Character for character, write out the data below.

Saved entries
+-------+

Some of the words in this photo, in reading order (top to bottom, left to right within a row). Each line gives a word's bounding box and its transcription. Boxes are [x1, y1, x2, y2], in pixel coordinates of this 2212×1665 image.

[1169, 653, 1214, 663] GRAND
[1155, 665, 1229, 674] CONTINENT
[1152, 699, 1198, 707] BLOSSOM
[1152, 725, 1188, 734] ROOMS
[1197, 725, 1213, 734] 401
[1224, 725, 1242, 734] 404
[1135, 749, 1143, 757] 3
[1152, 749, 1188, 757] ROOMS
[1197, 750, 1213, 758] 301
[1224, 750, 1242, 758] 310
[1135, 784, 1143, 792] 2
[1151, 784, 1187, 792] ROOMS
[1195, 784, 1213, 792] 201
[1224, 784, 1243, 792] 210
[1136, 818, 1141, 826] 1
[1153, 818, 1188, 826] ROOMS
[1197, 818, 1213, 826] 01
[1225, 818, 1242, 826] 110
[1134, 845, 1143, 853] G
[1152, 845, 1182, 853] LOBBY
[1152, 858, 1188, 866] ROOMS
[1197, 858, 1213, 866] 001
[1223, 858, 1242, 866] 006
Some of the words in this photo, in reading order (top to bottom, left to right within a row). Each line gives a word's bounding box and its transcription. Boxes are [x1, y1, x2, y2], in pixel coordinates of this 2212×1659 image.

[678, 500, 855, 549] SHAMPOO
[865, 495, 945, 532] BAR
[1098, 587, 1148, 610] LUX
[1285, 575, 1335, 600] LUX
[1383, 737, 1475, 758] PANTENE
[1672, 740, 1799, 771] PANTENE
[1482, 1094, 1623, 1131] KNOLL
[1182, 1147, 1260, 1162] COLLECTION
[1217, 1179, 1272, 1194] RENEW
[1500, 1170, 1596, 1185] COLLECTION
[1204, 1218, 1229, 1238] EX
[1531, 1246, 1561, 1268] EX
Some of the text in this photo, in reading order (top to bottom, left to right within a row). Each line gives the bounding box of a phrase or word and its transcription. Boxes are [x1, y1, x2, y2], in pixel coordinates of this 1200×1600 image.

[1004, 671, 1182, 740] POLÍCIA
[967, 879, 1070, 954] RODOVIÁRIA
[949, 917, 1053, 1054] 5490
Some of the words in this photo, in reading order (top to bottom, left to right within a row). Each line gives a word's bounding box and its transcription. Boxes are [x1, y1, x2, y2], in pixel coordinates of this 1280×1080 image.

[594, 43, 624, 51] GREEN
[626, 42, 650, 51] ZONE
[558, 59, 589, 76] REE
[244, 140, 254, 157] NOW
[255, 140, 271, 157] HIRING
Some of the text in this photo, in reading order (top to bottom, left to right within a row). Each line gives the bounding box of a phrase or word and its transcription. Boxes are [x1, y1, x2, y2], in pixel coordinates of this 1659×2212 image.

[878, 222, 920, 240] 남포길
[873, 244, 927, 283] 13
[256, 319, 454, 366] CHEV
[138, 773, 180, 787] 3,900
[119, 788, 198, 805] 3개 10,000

+-------+

* **Written answer**
Some of the words in this photo, in reading order (top to bottom, left to right within a row). Each line gives a word's bounding box and its transcription. Boxes are [x1, y1, x2, y2], in pixel coordinates of this 2212×1665 image.

[1169, 653, 1214, 663] GRAND
[1155, 665, 1229, 674] CONTINENT
[1152, 699, 1198, 707] BLOSSOM
[1152, 725, 1188, 734] ROOMS
[1197, 725, 1213, 734] 401
[1224, 725, 1242, 734] 404
[1135, 749, 1143, 757] 3
[1152, 749, 1188, 757] ROOMS
[1197, 750, 1213, 758] 301
[1224, 750, 1242, 758] 310
[1135, 784, 1143, 792] 2
[1151, 784, 1187, 792] ROOMS
[1195, 784, 1213, 792] 201
[1224, 784, 1243, 792] 210
[1136, 818, 1141, 826] 1
[1153, 818, 1188, 826] ROOMS
[1197, 818, 1213, 826] 01
[1225, 818, 1242, 826] 110
[1134, 845, 1143, 853] G
[1152, 845, 1182, 853] LOBBY
[1152, 858, 1188, 866] ROOMS
[1197, 858, 1213, 866] 001
[1223, 858, 1242, 866] 006
Some of the words in this photo, in reading order (top to bottom, left to right within a row). Each line gives a word's bounding box and its transcription. Boxes are [x1, y1, x2, y2], in pixel coordinates of this 2212×1659 image.

[678, 500, 855, 549] SHAMPOO
[865, 495, 945, 532] BAR
[1098, 587, 1148, 610] LUX
[1285, 575, 1335, 600] LUX
[1383, 737, 1475, 758] PANTENE
[1672, 740, 1799, 771] PANTENE
[1482, 1094, 1623, 1131] KNOLL
[1182, 1147, 1260, 1162] COLLECTION
[1217, 1179, 1272, 1194] RENEW
[1500, 1170, 1596, 1185] COLLECTION
[1204, 1218, 1229, 1238] EX
[1531, 1246, 1561, 1268] EX
Some of the text in this photo, in reading order (top to bottom, left to right within a row). Each line gives the bounding box of a phrase or word and its transcription. Boxes are [x1, y1, x2, y2], in pixel coordinates of this 1200×1600 image.

[1004, 671, 1182, 740] POLÍCIA
[967, 879, 1070, 954] RODOVIÁRIA
[949, 917, 1053, 1054] 5490
Some of the words in this photo, in reading order (top to bottom, left to right within a row). Each line gives a word's bounding box and its transcription. Boxes are [x1, y1, x2, y2], in pixel coordinates of this 1280×1080 image.

[594, 43, 624, 51] GREEN
[626, 42, 650, 51] ZONE
[558, 59, 589, 76] REE
[244, 140, 254, 157] NOW
[255, 140, 271, 157] HIRING
Some of the text in this photo, in reading order (top to bottom, left to right within a row). Each line gives the bounding box of a phrase or word and its transcription. Boxes are [x1, y1, x2, y2], in pixel coordinates of this 1659×2212 image.

[878, 222, 920, 240] 남포길
[873, 244, 927, 283] 13
[256, 319, 454, 366] CHEV
[138, 773, 180, 787] 3,900
[119, 788, 198, 805] 3개 10,000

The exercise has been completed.